Would it be possible to tell me where did you read that she was built in Japan? Why did she have extensive rebuilt then?


What do you mean by "difficult owners"? They asked for too many things?? But i surely wish they had built more ships at Fairfield yard..... Arion was a great ship, but unlucky.... She was advertised by NEL as "the floating palace"! Even today, older people than me, remember she had great interiors!!!

Fotis


----------



## Hillview (Jun 16, 2006)

My mistake:
Bilu although purported built under British D.O.T rules did not comply with them on inspection when she was delivered.
When a ship is built under the D.O.T. rules everything pertaining to the ship must comply with all things being approved.
This apparently did not happen, and they had to be upgraded/approved.
FYI Somerfin lines were very strict with owners and they would use every method to delay payment and this was used with Fairfields and other shipyards.
I have sailed on Fairfield built ships and Doxfords engines built by them under license and have found them to be of excellent quality not like other vessels I have sailed on and I have 40years experience of this.


----------



## Finnpartner_1966 (Feb 7, 2007)

That's more like it! Thanks for the explanation!
I have heard that NILI was intended for the Southampton Spain route. Was BILU built for the same route? And since she wasn't accepted by the DOT she was aproved until she was modified.

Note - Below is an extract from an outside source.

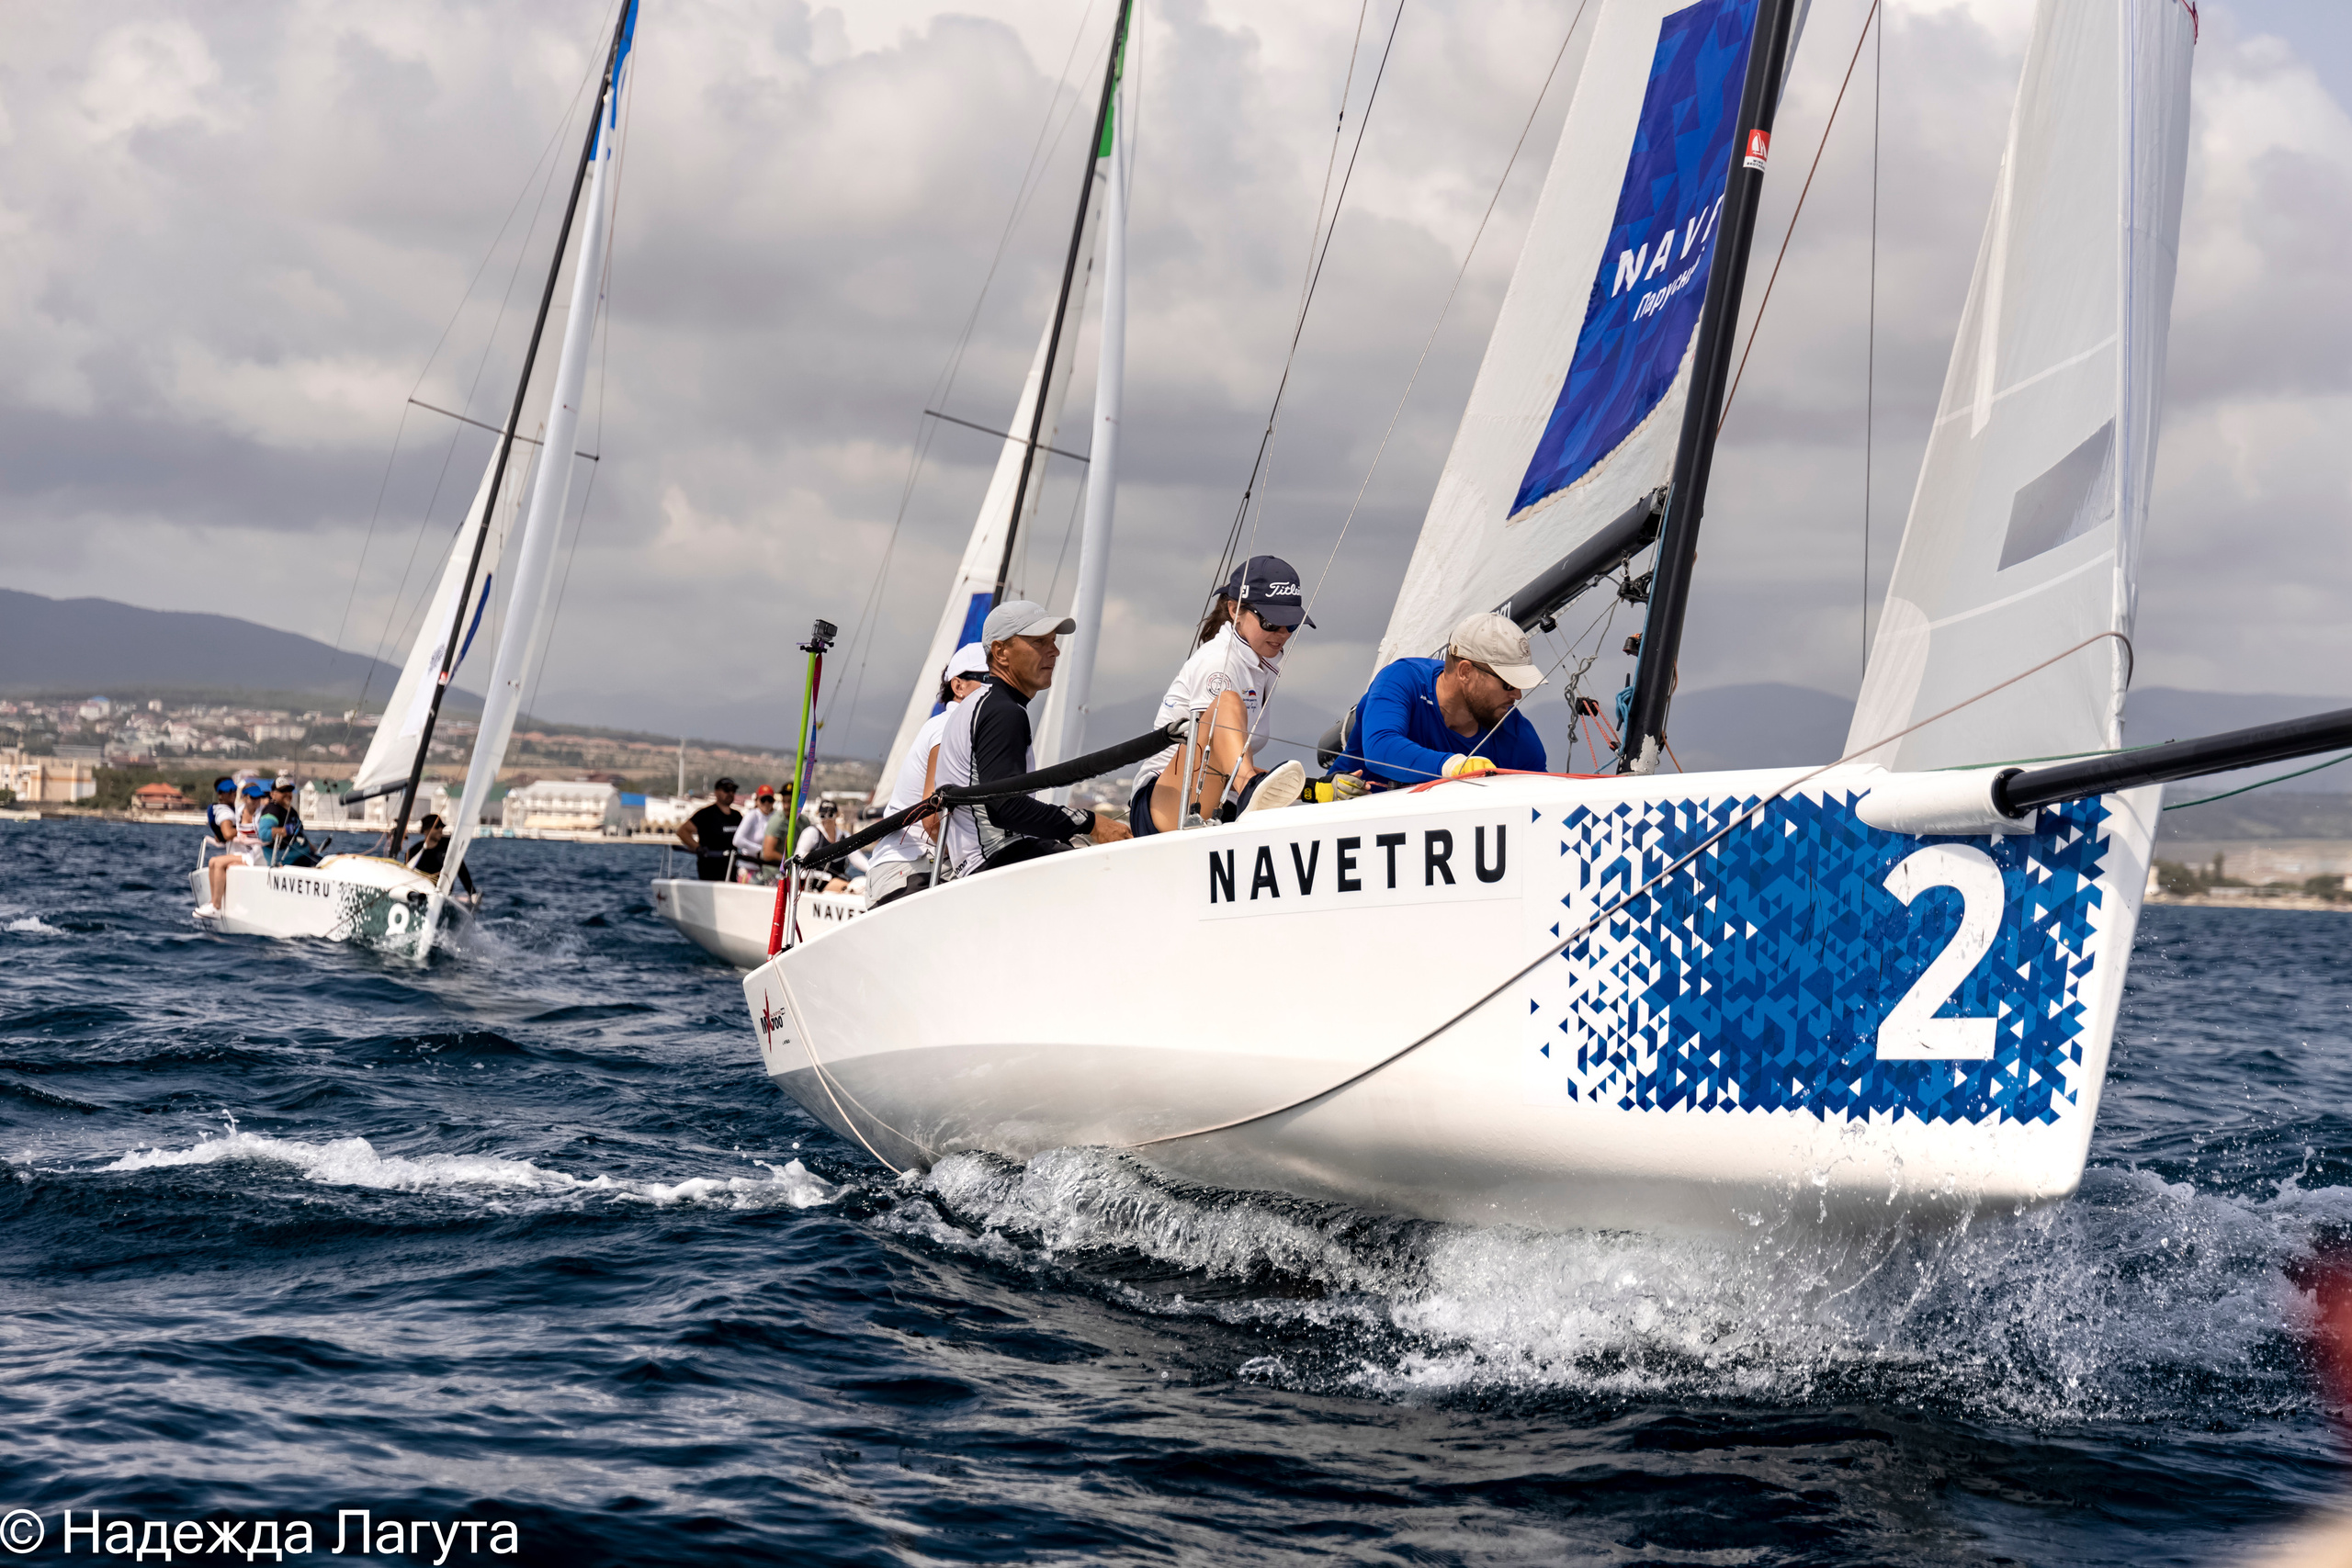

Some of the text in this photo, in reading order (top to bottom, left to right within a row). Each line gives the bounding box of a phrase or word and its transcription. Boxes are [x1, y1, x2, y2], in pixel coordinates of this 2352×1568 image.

[273, 875, 330, 897] NAVETRU
[1208, 824, 1507, 904] NAVETRU
[1876, 842, 2005, 1061] 2
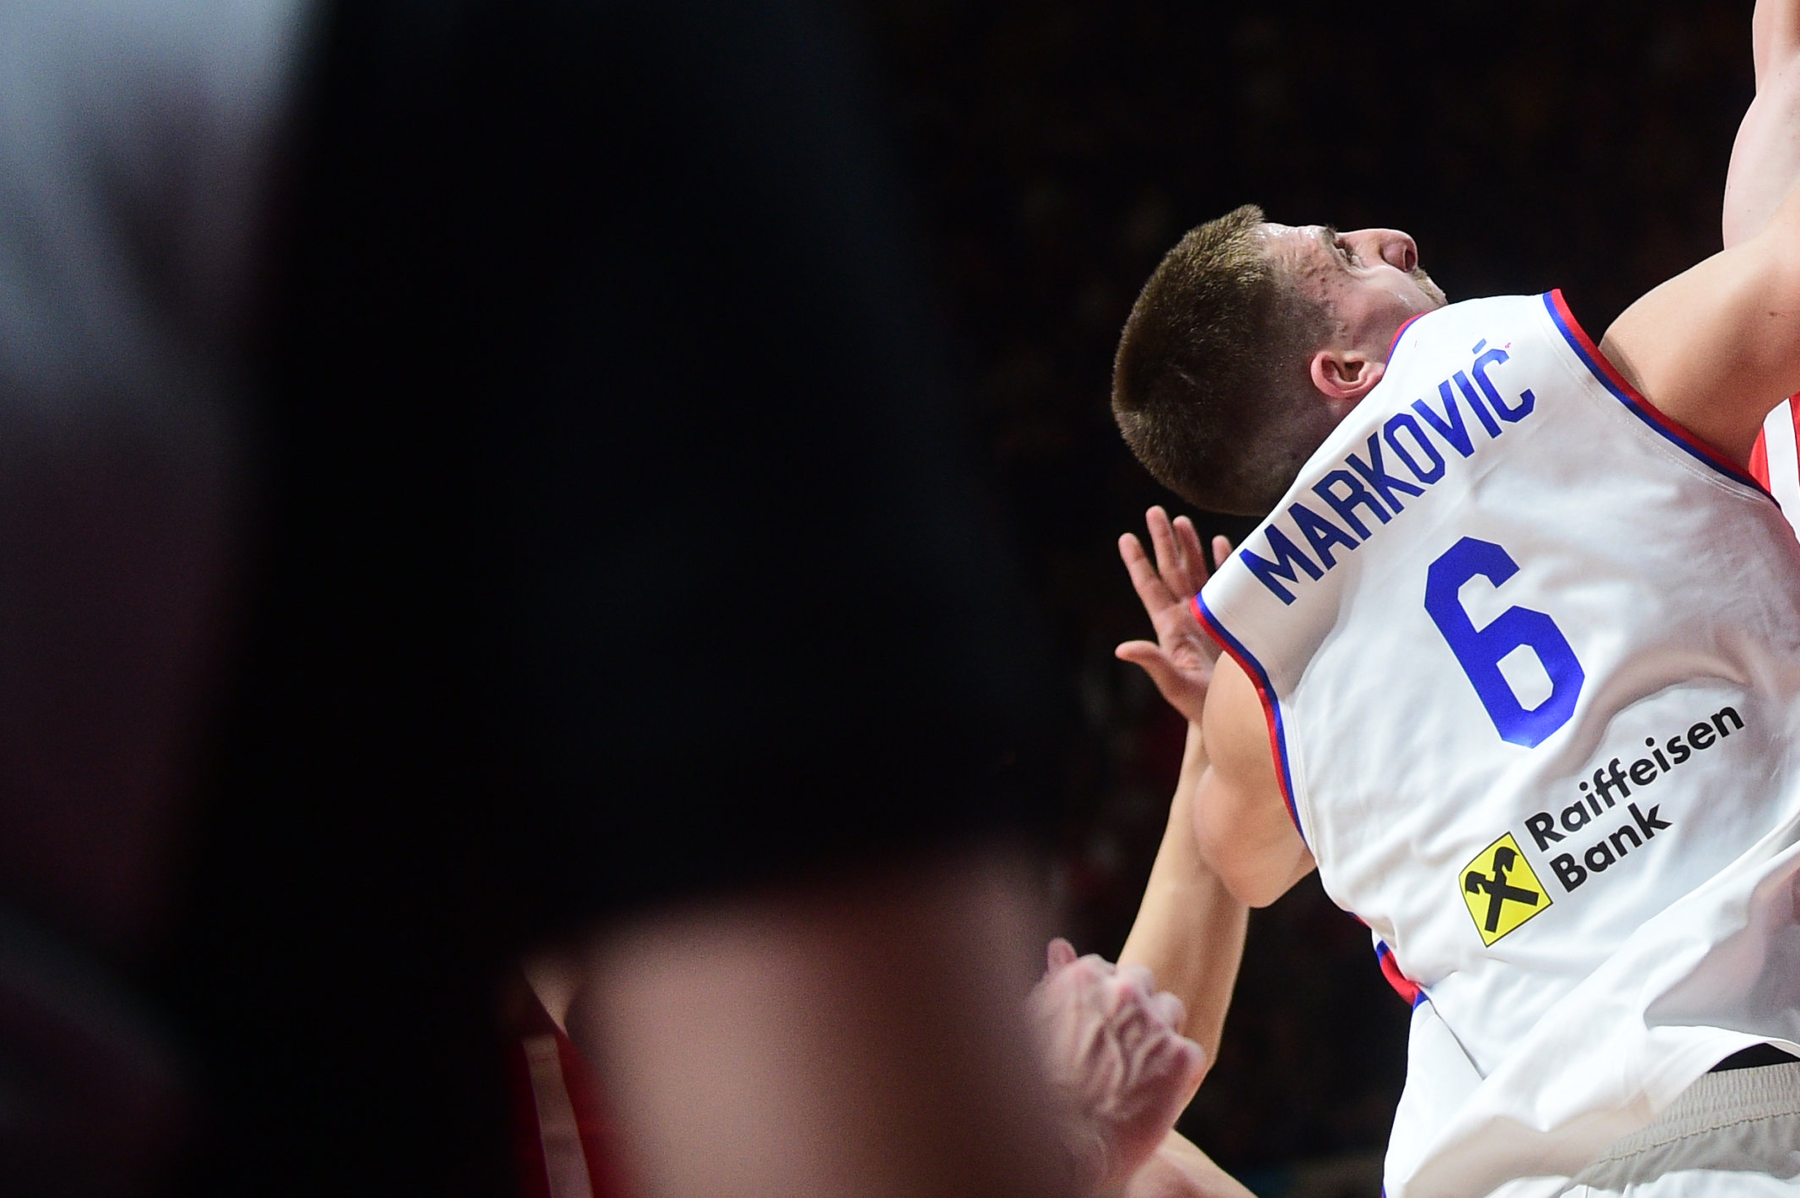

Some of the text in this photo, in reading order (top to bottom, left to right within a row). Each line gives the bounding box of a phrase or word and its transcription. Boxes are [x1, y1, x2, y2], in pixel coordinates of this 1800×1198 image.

About the SOMERFIN now... Were they the only company doing so with the money? All companies want to postpone the payments to their creditors... But as I can understand, they exceded the limit.... 

The only Fairfield ship I have ever been onboard, is the 1955 #731 Empress Of Britain, as Olympic in Pireaus port, in 1995 (as a visitor). I was 16, but I still can't forget her spacious wooden outside decks! She was the first ship I boarded having them actually! A really GREAT ship! I am happy to see her in our port every now and then, even after the ugly conversion at bow...

Fotis


----------



## fred henderson (Jun 13, 2005)

*Bilu and Nili*

Bilu and Nili were both intended for Somerfin's Haifa - Naples - Nice ferry service. Bilu opened the service, but the traffic was so low that Nili was chartered out to other users (but never out of the UK) before Somerfin became bankrupt and the ship was siezed by the Israeli Government.
There is a photograph of Nili and a lot more information in the Ferry Gallery.
http://www.shipsnostalgia.com/gallery/showphoto.php/photo/51848/cat/502/si/Nili

Fred(Thumb)


----------



## Finnpartner_1966 (Feb 7, 2007)

Ah, this is why NILI was used by ZIM in later years. Is this the reason she was chartered to Micky Arison?

BTW, thanks for link!!

Fotis

PS. Fairfield your pics are simply GREAT!


----------



## bettermost (Jan 13, 2011)

Finnpartner_1966 said:


> Ah, this is why NILI was used by ZIM in later years. Is this the reason she was chartered to Micky Arison?
> 
> BTW, thanks for link!!
> 
> ...


The Nili was Leased to Pan American Cruise Lines of Miami in 1965 almost immediately after her launch and sea trials at Fairfield/Gloven yards to run between Miami and the Bahamas because Sumerfin was already having financial difficulties by the time the Nili was launched in November of 1964, but that deal fell through after Nili was sent to Miami when Pan American and Somerfin had a major disagreement so the contract was terminated. Ted Arison in 1966 took advantage of this situation and re named the Nili the "Jamaica Queen" and ran it for about a year between Miami and Jamaica before the ship was seized by the Israeli government when Somerfin who Arison was leasing her from got into even more financial trouble with its payments to an Israeli state owned bank, this put Arison immediately out of the cruise business leaving booked passengers stranded with many sailings booked months in advance as I understand it. The ship was eventually sold to Weston shipping Co. in 1967 and continued on as the Jamaica Queen now chartered/Leased to Continental Cruise Lines of Miami for another year or two in service between Miami and Kingston before being sent back to Israel. She was once again named Nili and sent into car ferry service leased to Finnlines as the "Helsinki Express", and others used between Greece, Israel, Italy and France in the 1969-1975 time frame. Very shortly after the seizure of Nili happened Ted Arison decided to try it again this time he teamed up with Knut Kloster of NCL fame to operate the "Sunward" another ship/ferry that Kloster had just acquired and needed a service route for, and the rest is history. They eventually parted ways in the early 1970s Kloster pushing Arison out as I recall to form NCL on his own and of course Arison teamed with another investor and retaliated by starting his own tiny one ship company, Carnival Cruise Lines, now two of the largest cruise Companies in the world. The Nili/Jamaica Queen was Arison's very first attempt at the cruise ship business. In late 1975 the Nili was sold to NEL and re named the Arion, and sadly in December 1981 was fire bombed by the "PLO" in Haifa Israel and was gutted by fire. Nili was then laid up and then scrapped in 1983. I sailed on the Nili as the Jamaica Queen in 1967 when I was just 10 years old she was a very nice modern ship at the time.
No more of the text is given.